Deep Linear Networks
Rathindra Nath Karmakar
Session 1 : Layers are automatically balanced
References
- Algorithmic Regularization in Learning Deep Homogeneous Models: Layers are Automatically Balanced, Simon S. Du, Wei Hut, Jason D. Lee (2018)
- The geometry of the deep linear network, Govind Menon (2024)
Two Key Problems
- Supervised Learning:
Adjust the weights of a deep neural network so its predictions match the targets in a dataset as closely as possible.
- Matrix Factorization:
Given a target matrix, find two smaller matrices whose product closely approximates the target.
Both problems are solved using gradient-based optimization
The Learning Problem: Goal & Model
- Goal: Learn a function $f: \mathcal{X} \to \mathcal{Y}$ from a dataset of input-output pairs $\mathcal{D} = \{(x_i, y_i)\}_{i=1}^m$.
- Model: We use a deep neural network, parameterized by weights $\mathbf{W}$, as our function approximator, $f(x; \mathbf{W})$.
The Learning Problem: Loss Function
- Loss: We quantify prediction error using a loss function:
\[ \mathcal{L}(\mathbf{W}) = \frac{1}{m} \sum_{i=1}^m L(f(x_i; \mathbf{W}), y_i) \]
The Learning Problem: Optimization
- Optimization: We find the best weights by minimizing the loss using the continuous-time dynamics of Gradient Flow.
\[ \frac{d}{dt} \mathbf{W}(t) = - \nabla_{\mathbf{W}} \mathcal{L}(\mathbf{W}(t)) \]
Gradient Flow: Key Equation
\[ \frac{d}{dt} \mathbf{W}(t) = - \nabla_{\mathbf{W}} \mathcal{L}(\mathbf{W}(t)) \]
Questions
- Convergence guarantees?
- Convergence rate?
- Non-convex case: Characterize the minimizer reached
- Effect of noise due to floating point errors, etc?
Our Focus: Deep Homogeneous Models
- A feed-forward neural network computes a function:
\[ f(x; \mathbf{W}) = W^{(N)} \phi(\cdots \phi(W^{(1)}x)\cdots) \]
- We focus on networks where the activation function $\phi$ is homogeneous.
A Key Property: Homogeneity
An activation function $\phi$ is homogeneous of degree 1 if for any scalar $c > 0$:
\[ \phi(cz) = c\phi(z) \]
- This property holds for many popular activations:
- Linear: $\phi(z) = z$
- ReLU: $\phi(z) = \max(0, z)$
- Leaky ReLU: $\phi(z) = \max(az, z)$ for $0 < a < 1$
- It does not hold for functions like Sigmoid or Tanh.
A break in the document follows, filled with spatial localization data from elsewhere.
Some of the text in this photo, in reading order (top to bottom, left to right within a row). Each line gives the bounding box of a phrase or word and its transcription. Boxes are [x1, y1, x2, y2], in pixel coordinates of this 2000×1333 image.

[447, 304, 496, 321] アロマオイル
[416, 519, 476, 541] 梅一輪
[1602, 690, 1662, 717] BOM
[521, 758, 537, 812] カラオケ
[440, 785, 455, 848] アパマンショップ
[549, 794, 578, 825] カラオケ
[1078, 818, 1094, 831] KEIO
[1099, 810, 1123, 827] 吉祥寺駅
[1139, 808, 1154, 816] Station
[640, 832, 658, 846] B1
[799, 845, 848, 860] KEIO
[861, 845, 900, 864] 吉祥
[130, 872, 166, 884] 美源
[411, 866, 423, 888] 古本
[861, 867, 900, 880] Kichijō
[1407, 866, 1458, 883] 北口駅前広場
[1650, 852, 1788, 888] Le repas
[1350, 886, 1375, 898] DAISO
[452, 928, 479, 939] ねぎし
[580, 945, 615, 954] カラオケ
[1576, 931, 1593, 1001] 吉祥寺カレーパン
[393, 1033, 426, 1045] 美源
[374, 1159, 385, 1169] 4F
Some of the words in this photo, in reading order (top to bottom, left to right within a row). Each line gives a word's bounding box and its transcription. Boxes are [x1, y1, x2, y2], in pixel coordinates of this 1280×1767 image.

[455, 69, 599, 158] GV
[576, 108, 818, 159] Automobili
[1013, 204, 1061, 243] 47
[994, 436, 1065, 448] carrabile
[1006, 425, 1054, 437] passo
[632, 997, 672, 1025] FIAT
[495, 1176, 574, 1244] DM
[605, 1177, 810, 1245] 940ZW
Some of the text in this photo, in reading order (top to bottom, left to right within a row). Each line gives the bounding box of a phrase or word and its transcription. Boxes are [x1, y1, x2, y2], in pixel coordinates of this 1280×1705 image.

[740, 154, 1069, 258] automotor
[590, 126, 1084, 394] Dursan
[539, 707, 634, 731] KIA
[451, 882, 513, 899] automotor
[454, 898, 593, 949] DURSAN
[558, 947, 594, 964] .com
The Consequence: Scale Invariance
Homogeneity in activations leads to a scale invariance in the entire network. We can scale up one layer's weights and scale down the next, and the overall function remains unchanged.
\[ f\left(x; \dots, cW^{(i)}, \frac{1}{c}W^{(i+1)}, \dots\right) = f\left(x; \dots, W^{(i)}, W^{(i+1)}, \dots\right) \]
This is because the scalar $c$ passes through the homogeneous activation $\phi$ and cancels out.
The Optimization Puzzle
This scale invariance creates a fundamental problem for optimization:
- Non-uniqueness: If we find one good set of weights, there are infinitely many other sets that are just as good.
\[ \left(W^{(i)}, W^{(i+1)}\right) \text{ is equivalent to } \left(cW^{(i)}, \frac{1}{c}W^{(i+1)}\right) \]
- Unboundedness: We can make the norm of the weights arbitrarily large (by choosing a large $c$) without changing the loss.
\[ \|cW^{(i)}\|_F \to \infty \text{ as } c \to \infty \]
Why Classical Theory Fails
Many classical theorems that guarantee convergence of optimization algorithms rely on assumptions that are violated here.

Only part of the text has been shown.